Through persistent sleuthing, Lim managed to track down
eyewitnesses who all tell the same tale of extreme police brutality.
Perhaps the worst act occurred in the closed courtyard of the Jinjiang
Hotel. Up to a hundred protesters were herded into the courtyard,
savagely beaten with iron poles and casually thrown into trucks.
"They threw them into the truck, they threw them like
garbage," said one eyewitness. "I don't remember anyone
screaming. There was no noise, just the bodies piling on top of each
other. There were definitely lifeless bodies. I imagined if anyone were
still alive they would not survive in the pile. It was horrifying."
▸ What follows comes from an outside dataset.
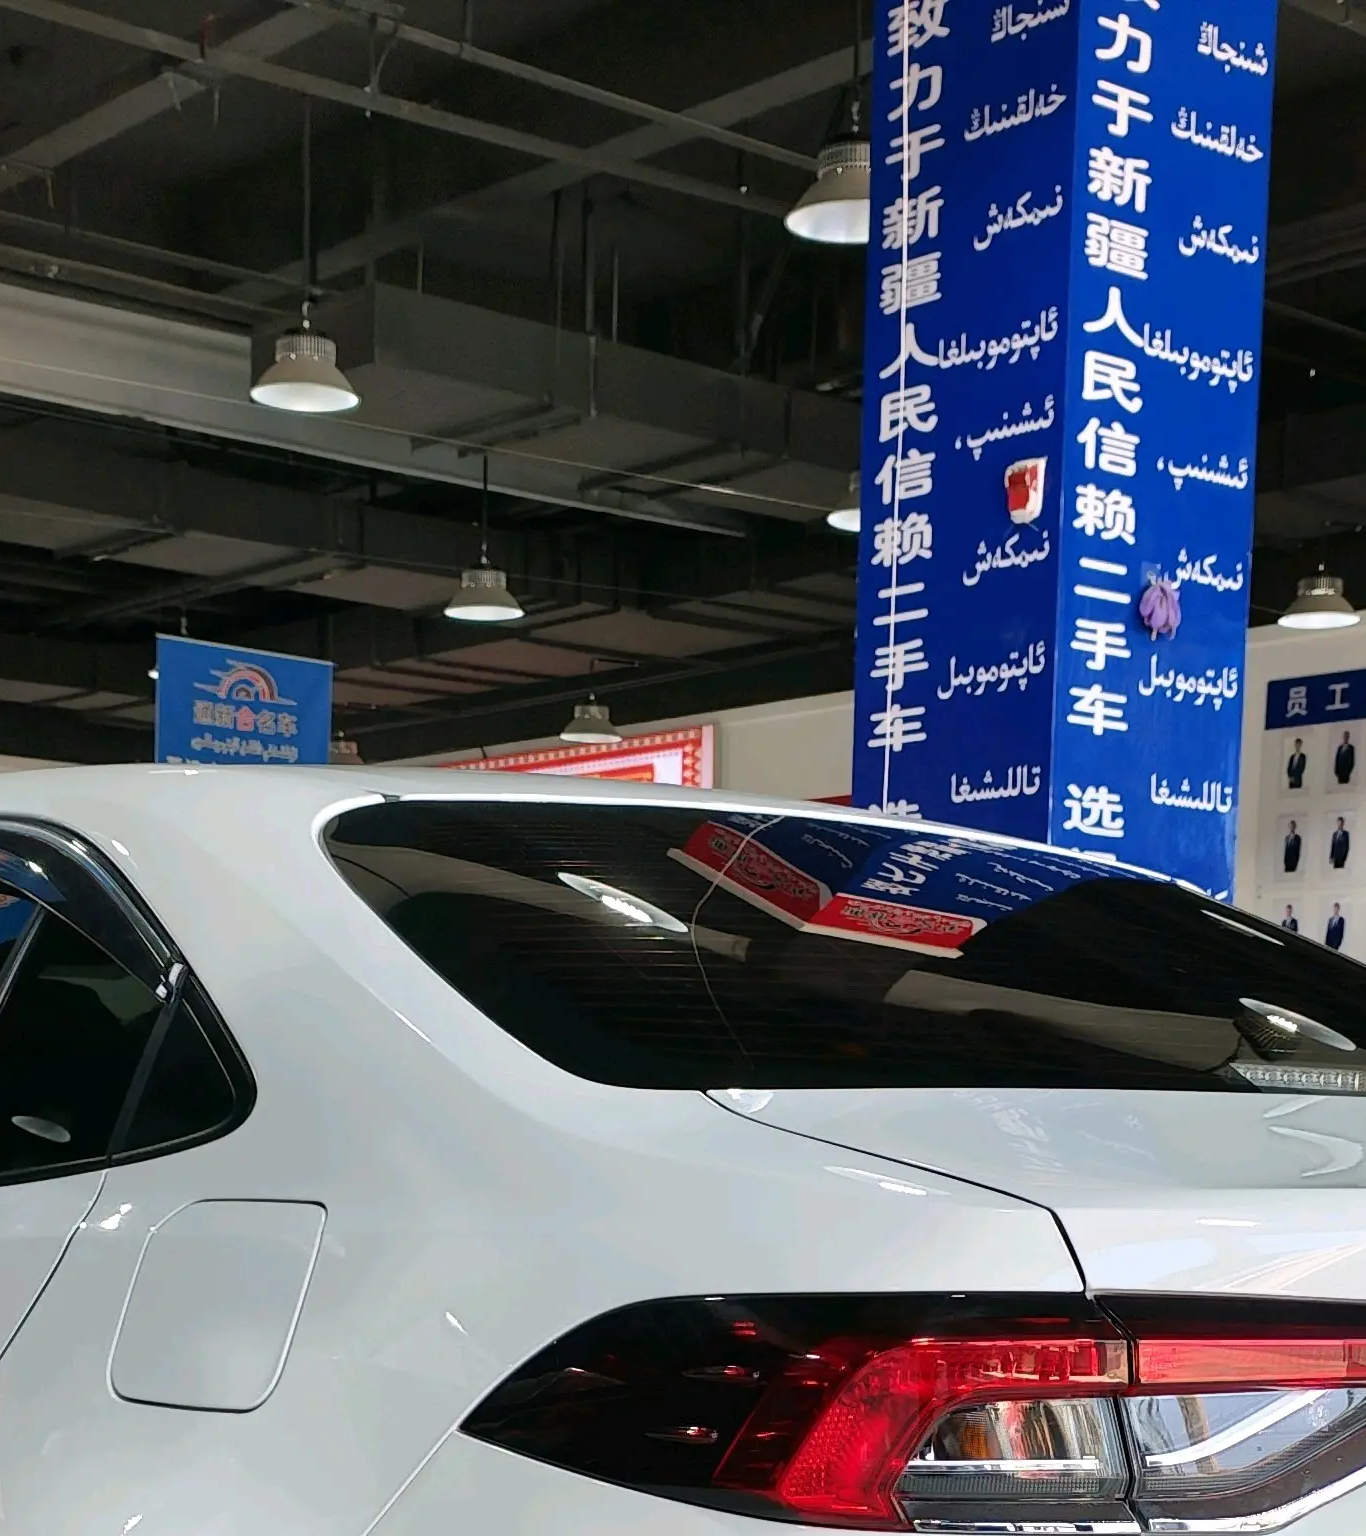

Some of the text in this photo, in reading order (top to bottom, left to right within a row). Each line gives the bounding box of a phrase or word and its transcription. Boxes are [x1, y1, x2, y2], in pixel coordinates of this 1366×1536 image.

Clearly, Chengdu witnessed a smaller Tiananmen massacre that has gone
virtually unrecorded until now. It is just another chapter in the
Chinese narrative of amnesia. To move from Louisa Lim's expansive
reportage to Rowena He's introspective style is to experience a
sort of claustrophobia. "This book is primarily an oral history of
three exiled student leaders from the 1989 Tiananmen Movement in
China," Rowana He tells us at the outset. But her book is more than
that. For there is a fourth major character: the author herself. Though
she was too young to participate in the protests, she was traumatized by
the killings. She tells us that on the day after the massacre, she went
to school wearing a black armband. A kindly teacher persuaded her to
remove it before she got into serious trouble. But her anger did not
subside. "I felt a strong sense of guilt although I was not
responsible for the massacre. Maybe that is what people call
'survivor's guilt,'" she writes. "I considered
it a sin to enjoy life with the thought that many others were suffering
in prison or in exile. I later realized that I was not exceptional among
those of the Tiananmen Generation. Ironically, we became the best
illustration of the two central themes in Communist
education--'sacrifice' and 'idealism'." She
immigrated to Canada in 1998, continued her education in Toronto, and
now teaches a popular course on Tiananmen at Harvard.
Her three subjects were all leading figures in the 1989
demonstrations. Wang Dan, a history student at Beijing University,
headed the regime's most-wanted list after June Fourth. He was
arrested in July, served a four-year prison sentence, was arrested again
in 1995 and sentenced to eleven years in prison. In 1998 he was released
on medical grounds and deported to the United States. Wang Dan studied
at Harvard where he earned his doctorate and now teaches in Taiwan. Shen
Tong, another student leader from Beida, escaped to the United States
and published a popular autobiography, Almost a Revolution. Unlike other
exiles, he has moved on from the Tiananmen protests. Consequently, he is
allowed to visit China on condition that he remains apolitical. Shen
Tong became a successful software entrepreneur in New York and in 2011
joined a different protest group, the Occupy Wall Street movement. Yi
Danxuan, a student leader from Guangdong, served two years in prison
before immigrating to the United States. He lives in Washington DC and
continues to be involved in Tiananmen protest politics.
Today Tiananmen is lost between the acts of remembering and
forgetting. In China, people have remembered to forget. Shen Tong says
that everybody lied. "That is the basic reality of living in a
police state. You live a huge public lie. We don't need many
theories to understand this." In the West, we have forgotten to
remember, mesmerized by cheap imports and investment profits. "The
unfolding stories in the post-Tiananmen era are, in many ways, a
continuing tragedy," says He, "because the victims are no
longer considered victims and the perpetrators no longer perpetrators.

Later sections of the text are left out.